Historically, South Lebanon was deeply connected to Palestine’s coastal cities through trade, governance, and kinship, forming a tightly interwoven regional network. At the end of World War I, the British and French governments held most of the Levant under military occupation, with Britain controlling Palestine apart from the northernmost parts, and France controlling Syria and Lebanon. These were administered under the military Occupied Enemy Territorial Administrations (OETA). After the 1919 Treaty of Versailles prescribed the division of the region into mandates, it was decided at the San Remo conference of May 1920 that Britain would have the Mandate for Palestine while France would have the Mandate for Syria and Lebanon. The Shia villages in Palestine have long had strong social and commercial ties with southern Lebanon, especially with the predominantly Twelver Shia Muslim region of Jabal ʿAmil. However, the establishment of modern national borders disrupted these longstanding connections and complicated the social and legal identities that had existed prior to the Mandate period, while transforming the Southern Lebanon area into an economically isolated and impoverished periphery by cutting it off from its historical hinterland.

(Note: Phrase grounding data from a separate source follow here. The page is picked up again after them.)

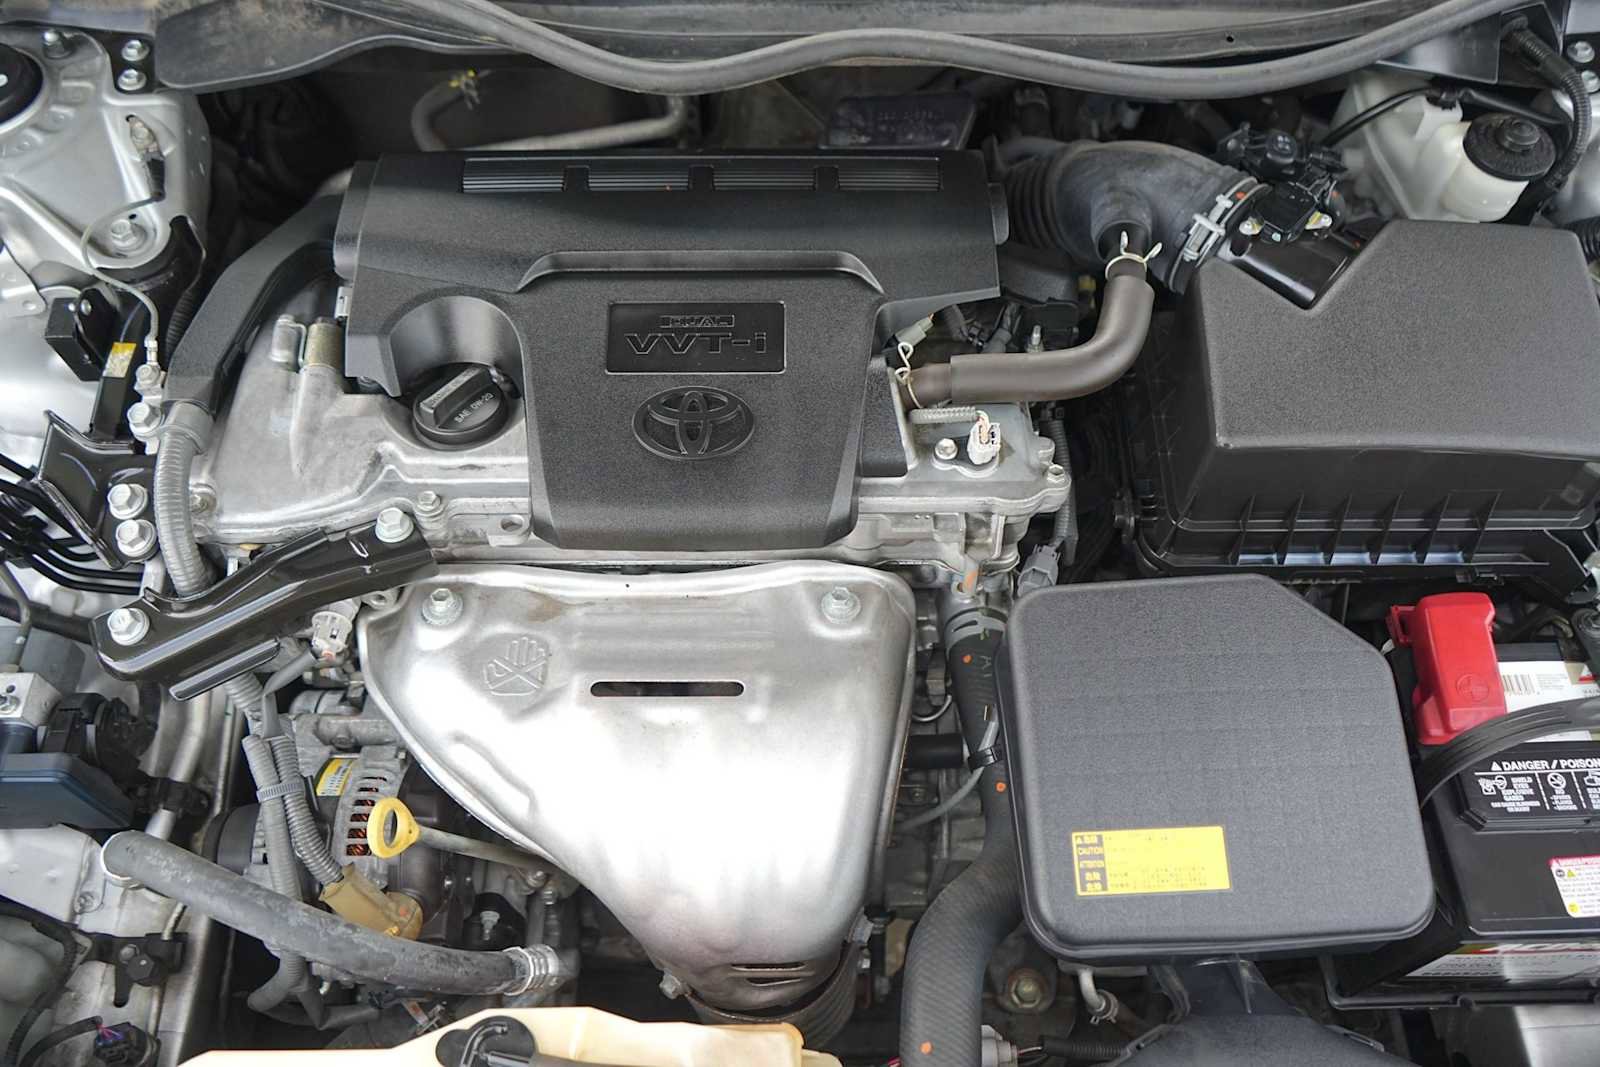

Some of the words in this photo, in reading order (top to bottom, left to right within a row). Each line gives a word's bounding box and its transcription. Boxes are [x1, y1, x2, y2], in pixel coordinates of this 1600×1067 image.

[624, 331, 767, 354] VVT-i
[454, 410, 472, 423] SAE
[1501, 760, 1550, 771] DANGER
[1560, 758, 1600, 769] POISON
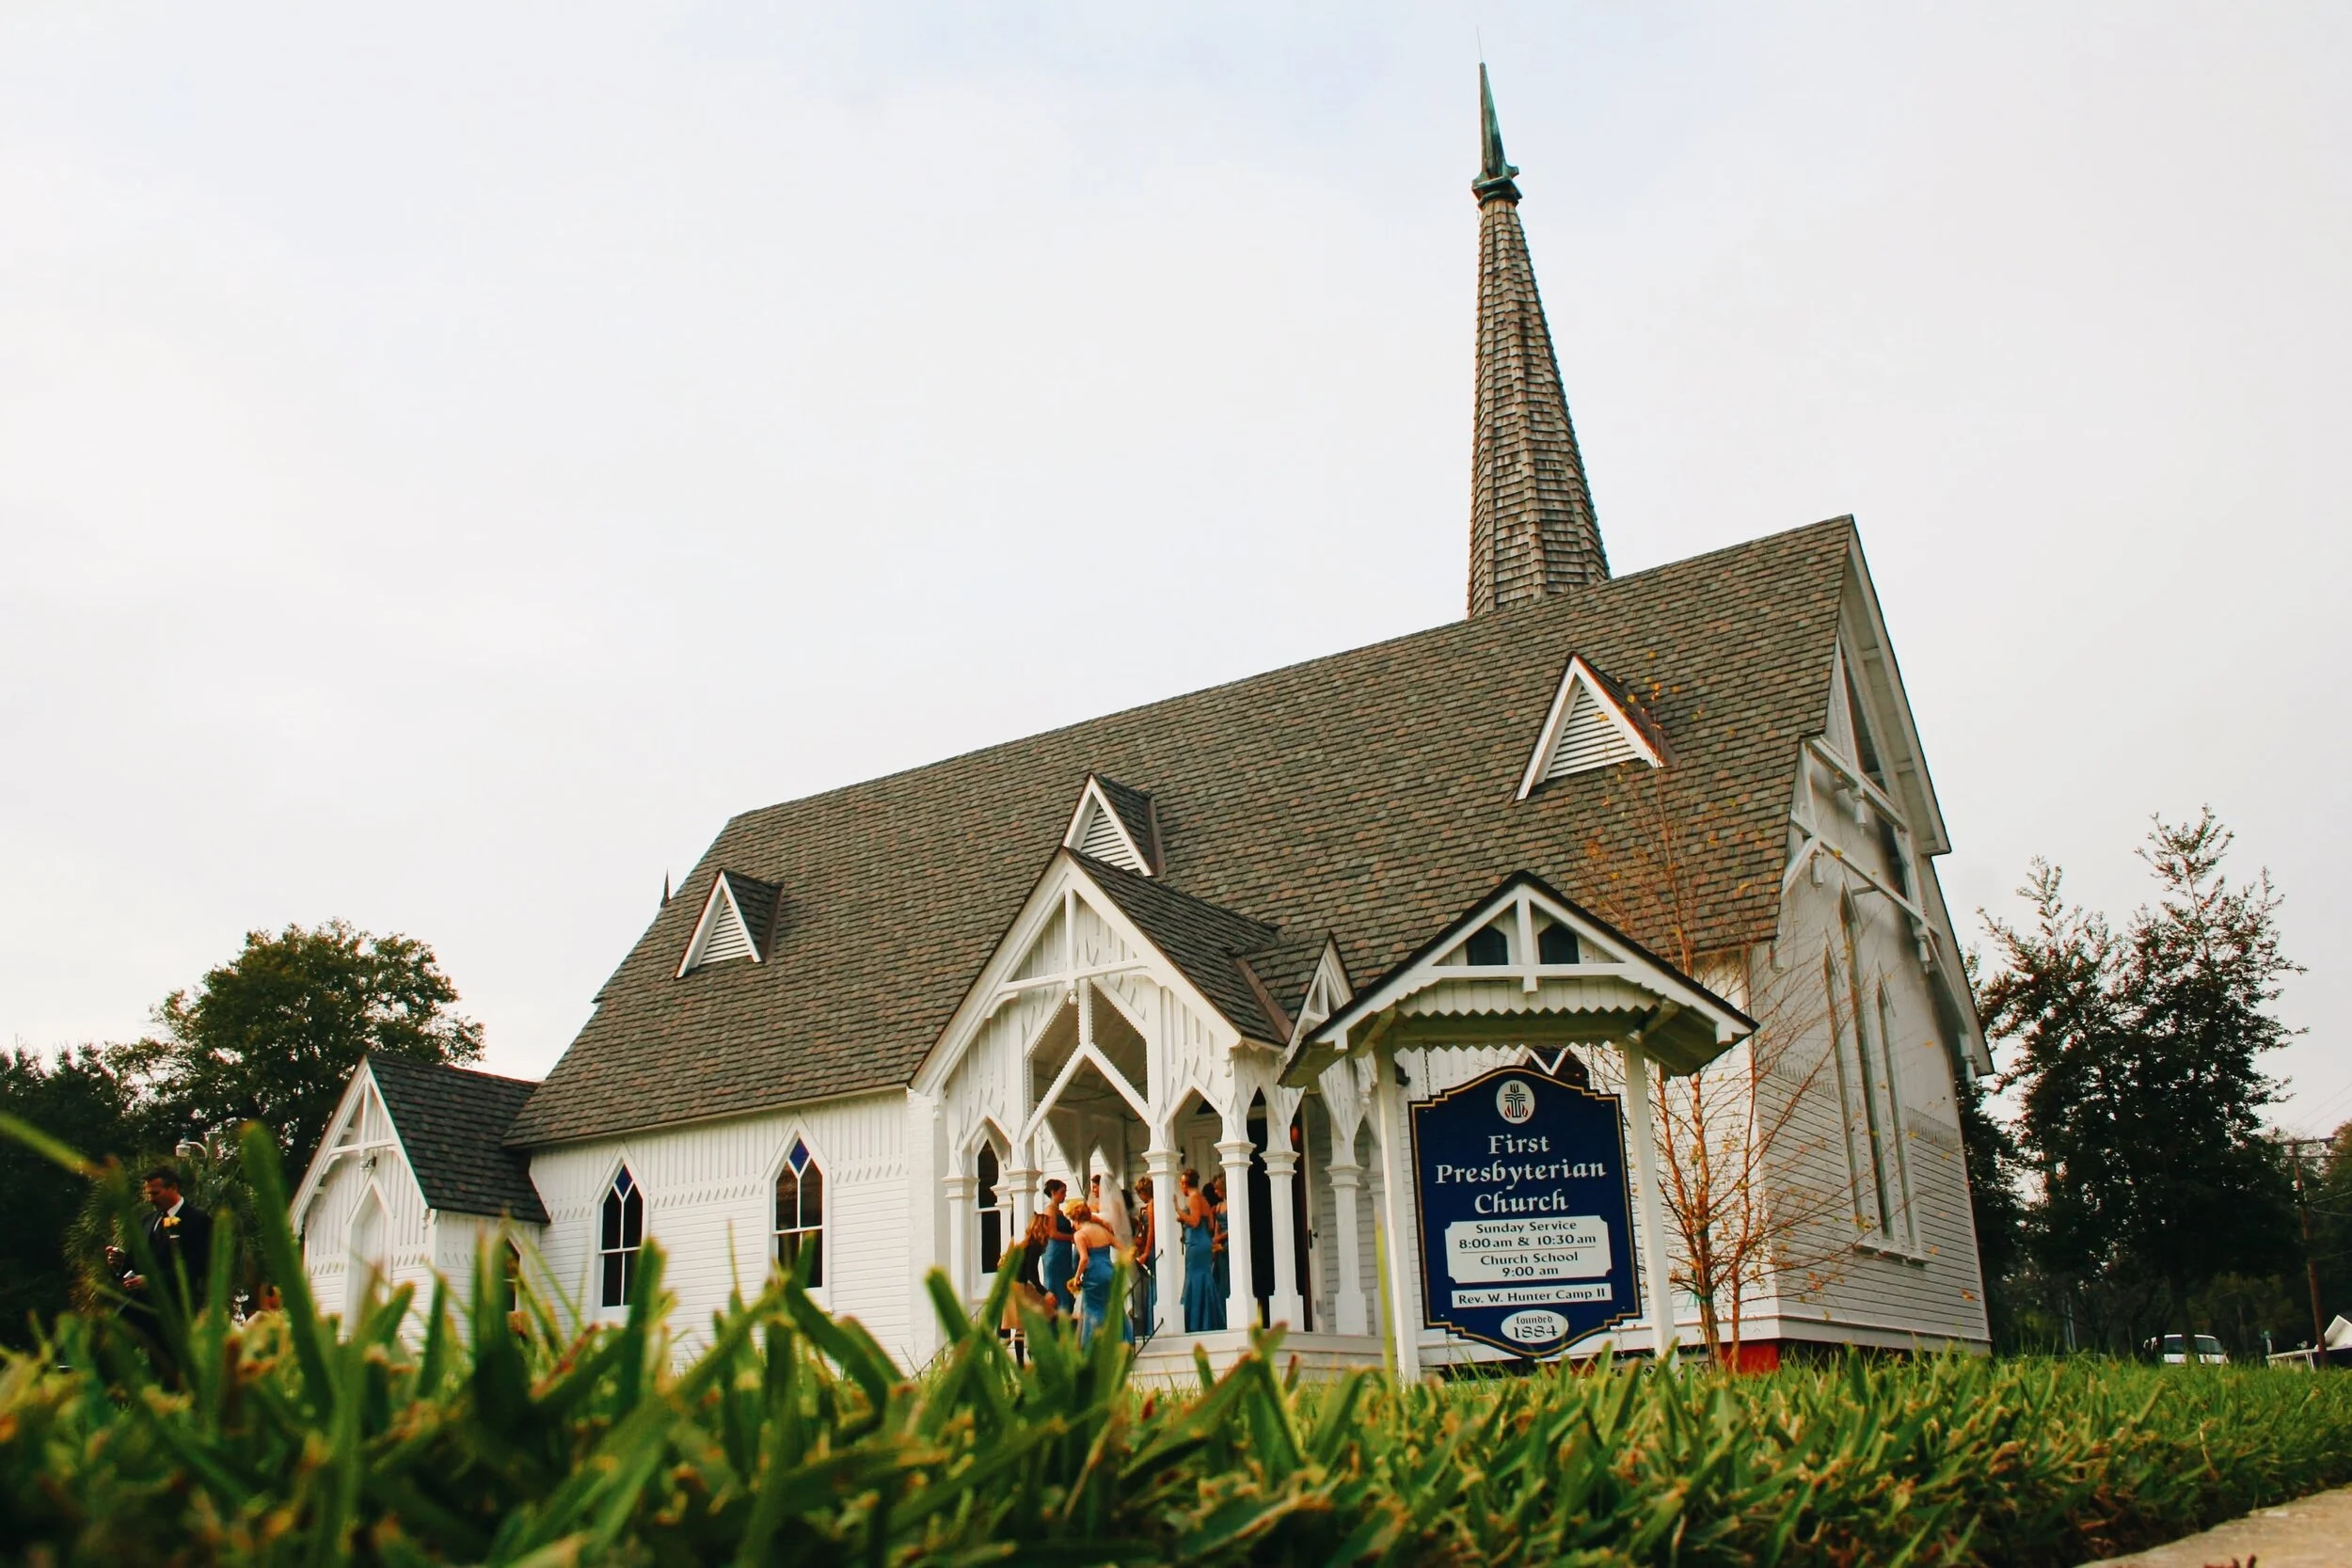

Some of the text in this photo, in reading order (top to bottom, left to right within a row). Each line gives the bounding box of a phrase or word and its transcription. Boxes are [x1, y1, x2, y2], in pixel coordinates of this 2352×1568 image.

[1488, 1133, 1550, 1154] First
[1436, 1159, 1607, 1190] Presbyterian
[1474, 1189, 1568, 1213] Church
[1476, 1220, 1577, 1234] Sunday Service
[1518, 1236, 1530, 1246] &
[1480, 1252, 1578, 1265] Church School
[1502, 1266, 1558, 1276] 9:00 am
[1458, 1288, 1605, 1305] Rev. W. Hunter Camp II
[1516, 1315, 1552, 1324] founded
[1514, 1325, 1558, 1338] 1884

==== Lebanon and Palestine ====
In September 1920, the first French high commissioner General Henri Gouraud, announced the birth of the state of Greater Lebanon. On 23 December, the British and French signed an agreement that broadly defined the boundary between their respective spheres. The agreement also established the Paulet–Newcombe commission to determine the precise boundary, with wide powers to recommend adjustments. In 1921, before the commission had reported, France conducted a census which covered the seven villages and granted Lebanese citizenship to their residents. None of the villages were listed in the 1922 census of Palestine, but the remaining Shia population (classified as "Metawilehs") were still listed, totaling 156 persons: 3 in Gaza, 150 in Al Bassa, and 3 in Majd al-Kerum. However, the commission decided on border adjustments which placed the villages on the Palestinian side of the border, along with more than a dozen other villages. The new boundary was agreed in a treaty of September 1923. The citizenship of the residents was not changed to Palestinian until 1926.

The 1931 census counted 4,100 Metawalis in Palestine. Abil al-Qamh was about half Shia and half Greek Christian, while the other six were mostly Shia.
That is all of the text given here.